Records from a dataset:
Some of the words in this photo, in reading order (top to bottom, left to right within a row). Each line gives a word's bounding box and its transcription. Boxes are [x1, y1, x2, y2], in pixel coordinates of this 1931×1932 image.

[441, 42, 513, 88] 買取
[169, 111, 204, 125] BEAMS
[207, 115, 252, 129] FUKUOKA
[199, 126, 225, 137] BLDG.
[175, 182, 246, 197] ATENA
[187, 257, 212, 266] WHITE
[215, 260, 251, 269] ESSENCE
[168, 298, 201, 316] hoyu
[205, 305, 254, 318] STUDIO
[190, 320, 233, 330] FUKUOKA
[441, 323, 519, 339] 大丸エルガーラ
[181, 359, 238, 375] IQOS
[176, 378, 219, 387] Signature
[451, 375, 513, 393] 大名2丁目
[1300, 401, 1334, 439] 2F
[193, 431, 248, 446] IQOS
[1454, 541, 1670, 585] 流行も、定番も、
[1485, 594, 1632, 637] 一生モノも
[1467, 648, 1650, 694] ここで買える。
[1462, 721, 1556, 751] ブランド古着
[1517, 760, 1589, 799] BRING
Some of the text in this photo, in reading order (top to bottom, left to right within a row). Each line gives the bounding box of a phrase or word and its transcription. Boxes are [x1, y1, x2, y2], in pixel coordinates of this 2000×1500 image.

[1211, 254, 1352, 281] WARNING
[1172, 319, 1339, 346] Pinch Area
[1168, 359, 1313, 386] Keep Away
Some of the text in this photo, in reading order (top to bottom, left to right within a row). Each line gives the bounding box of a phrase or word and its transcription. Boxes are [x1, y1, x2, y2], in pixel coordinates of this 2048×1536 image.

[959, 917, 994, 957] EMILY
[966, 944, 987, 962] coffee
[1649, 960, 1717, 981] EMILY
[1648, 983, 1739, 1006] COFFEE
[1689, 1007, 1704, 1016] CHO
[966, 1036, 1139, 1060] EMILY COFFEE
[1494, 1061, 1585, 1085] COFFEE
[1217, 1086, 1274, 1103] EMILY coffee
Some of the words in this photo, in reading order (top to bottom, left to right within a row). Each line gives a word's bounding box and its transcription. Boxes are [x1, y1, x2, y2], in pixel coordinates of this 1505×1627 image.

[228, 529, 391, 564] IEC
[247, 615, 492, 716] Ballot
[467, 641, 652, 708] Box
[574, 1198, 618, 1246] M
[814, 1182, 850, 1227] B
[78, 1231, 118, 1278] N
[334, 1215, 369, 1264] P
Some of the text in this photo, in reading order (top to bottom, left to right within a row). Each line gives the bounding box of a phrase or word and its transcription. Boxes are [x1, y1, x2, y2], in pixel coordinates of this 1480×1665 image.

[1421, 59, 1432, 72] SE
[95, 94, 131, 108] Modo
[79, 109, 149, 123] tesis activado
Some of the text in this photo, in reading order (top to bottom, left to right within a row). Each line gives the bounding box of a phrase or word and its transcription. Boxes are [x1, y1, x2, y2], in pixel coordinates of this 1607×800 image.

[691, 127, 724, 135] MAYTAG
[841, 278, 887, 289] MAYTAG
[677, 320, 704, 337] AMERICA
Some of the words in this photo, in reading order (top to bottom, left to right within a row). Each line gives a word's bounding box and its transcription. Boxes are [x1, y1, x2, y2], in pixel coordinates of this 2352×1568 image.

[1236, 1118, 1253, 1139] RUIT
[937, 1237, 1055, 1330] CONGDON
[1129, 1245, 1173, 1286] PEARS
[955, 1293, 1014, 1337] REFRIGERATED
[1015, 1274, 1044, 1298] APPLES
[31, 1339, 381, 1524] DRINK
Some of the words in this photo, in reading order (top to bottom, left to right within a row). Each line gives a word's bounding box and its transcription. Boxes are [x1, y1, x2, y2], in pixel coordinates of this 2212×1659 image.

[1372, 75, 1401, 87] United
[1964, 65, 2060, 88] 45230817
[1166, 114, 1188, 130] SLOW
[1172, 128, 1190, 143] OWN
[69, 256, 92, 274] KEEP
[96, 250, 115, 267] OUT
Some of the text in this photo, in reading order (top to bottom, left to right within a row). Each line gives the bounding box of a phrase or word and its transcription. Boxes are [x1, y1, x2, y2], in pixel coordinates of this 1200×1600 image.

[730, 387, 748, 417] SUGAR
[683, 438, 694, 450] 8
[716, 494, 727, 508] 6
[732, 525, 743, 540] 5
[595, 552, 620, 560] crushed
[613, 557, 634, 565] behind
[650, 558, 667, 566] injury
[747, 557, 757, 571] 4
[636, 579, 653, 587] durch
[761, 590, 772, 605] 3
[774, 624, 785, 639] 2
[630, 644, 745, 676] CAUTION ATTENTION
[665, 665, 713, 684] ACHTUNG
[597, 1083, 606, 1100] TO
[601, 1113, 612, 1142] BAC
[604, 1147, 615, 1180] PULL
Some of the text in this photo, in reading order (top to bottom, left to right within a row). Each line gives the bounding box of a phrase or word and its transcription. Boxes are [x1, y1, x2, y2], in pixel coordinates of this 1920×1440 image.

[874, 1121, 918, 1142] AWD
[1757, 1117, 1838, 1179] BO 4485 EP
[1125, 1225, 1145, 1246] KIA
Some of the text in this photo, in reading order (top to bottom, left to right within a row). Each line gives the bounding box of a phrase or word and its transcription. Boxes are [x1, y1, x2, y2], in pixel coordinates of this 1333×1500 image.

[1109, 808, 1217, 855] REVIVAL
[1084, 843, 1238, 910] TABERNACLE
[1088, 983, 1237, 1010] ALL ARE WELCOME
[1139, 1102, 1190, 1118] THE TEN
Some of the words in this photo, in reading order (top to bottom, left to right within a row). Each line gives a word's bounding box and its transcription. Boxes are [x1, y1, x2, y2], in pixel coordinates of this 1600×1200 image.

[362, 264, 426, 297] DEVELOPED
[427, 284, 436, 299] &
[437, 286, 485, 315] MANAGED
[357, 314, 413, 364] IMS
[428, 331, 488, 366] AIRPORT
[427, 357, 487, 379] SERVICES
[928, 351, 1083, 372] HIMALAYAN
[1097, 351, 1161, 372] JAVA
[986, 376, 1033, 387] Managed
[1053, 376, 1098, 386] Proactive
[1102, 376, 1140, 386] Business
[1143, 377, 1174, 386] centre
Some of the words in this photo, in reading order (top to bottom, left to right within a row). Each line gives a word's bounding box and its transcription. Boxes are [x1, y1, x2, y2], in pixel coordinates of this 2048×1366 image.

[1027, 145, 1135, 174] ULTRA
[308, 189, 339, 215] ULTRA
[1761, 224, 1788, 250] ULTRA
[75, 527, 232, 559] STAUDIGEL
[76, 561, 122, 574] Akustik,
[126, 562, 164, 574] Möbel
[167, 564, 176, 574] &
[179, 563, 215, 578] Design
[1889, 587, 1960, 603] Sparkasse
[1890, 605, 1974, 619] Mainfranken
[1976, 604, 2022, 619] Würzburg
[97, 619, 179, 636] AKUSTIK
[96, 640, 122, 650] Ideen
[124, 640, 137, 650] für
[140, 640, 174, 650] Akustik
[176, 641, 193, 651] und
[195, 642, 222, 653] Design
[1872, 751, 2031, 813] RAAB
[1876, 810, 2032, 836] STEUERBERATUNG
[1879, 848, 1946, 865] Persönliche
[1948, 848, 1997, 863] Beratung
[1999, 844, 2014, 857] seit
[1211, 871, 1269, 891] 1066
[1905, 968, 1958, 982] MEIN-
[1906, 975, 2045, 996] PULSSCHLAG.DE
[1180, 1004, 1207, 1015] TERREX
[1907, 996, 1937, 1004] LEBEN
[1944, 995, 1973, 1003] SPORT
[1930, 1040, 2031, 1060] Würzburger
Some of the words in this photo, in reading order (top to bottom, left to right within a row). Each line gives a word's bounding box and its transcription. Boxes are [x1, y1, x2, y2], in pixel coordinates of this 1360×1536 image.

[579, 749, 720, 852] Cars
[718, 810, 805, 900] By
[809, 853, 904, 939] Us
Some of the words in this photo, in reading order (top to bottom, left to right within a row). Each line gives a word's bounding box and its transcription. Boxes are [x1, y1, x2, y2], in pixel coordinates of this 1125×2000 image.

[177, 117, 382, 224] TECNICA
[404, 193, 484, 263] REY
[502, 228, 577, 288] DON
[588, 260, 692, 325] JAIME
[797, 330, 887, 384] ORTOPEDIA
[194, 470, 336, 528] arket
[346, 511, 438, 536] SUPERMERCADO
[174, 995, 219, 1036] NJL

What is being asked:
Starting from the line that contains "this 1360×1536 image.", reproduce each line of the data exactly through the last one.

Result:
Some of the words in this photo, in reading order (top to bottom, left to right within a row). Each line gives a word's bounding box and its transcription. Boxes are [x1, y1, x2, y2], in pixel coordinates of this 1360×1536 image.

[579, 749, 720, 852] Cars
[718, 810, 805, 900] By
[809, 853, 904, 939] Us
Some of the words in this photo, in reading order (top to bottom, left to right within a row). Each line gives a word's bounding box and its transcription. Boxes are [x1, y1, x2, y2], in pixel coordinates of this 1125×2000 image.

[177, 117, 382, 224] TECNICA
[404, 193, 484, 263] REY
[502, 228, 577, 288] DON
[588, 260, 692, 325] JAIME
[797, 330, 887, 384] ORTOPEDIA
[194, 470, 336, 528] arket
[346, 511, 438, 536] SUPERMERCADO
[174, 995, 219, 1036] NJL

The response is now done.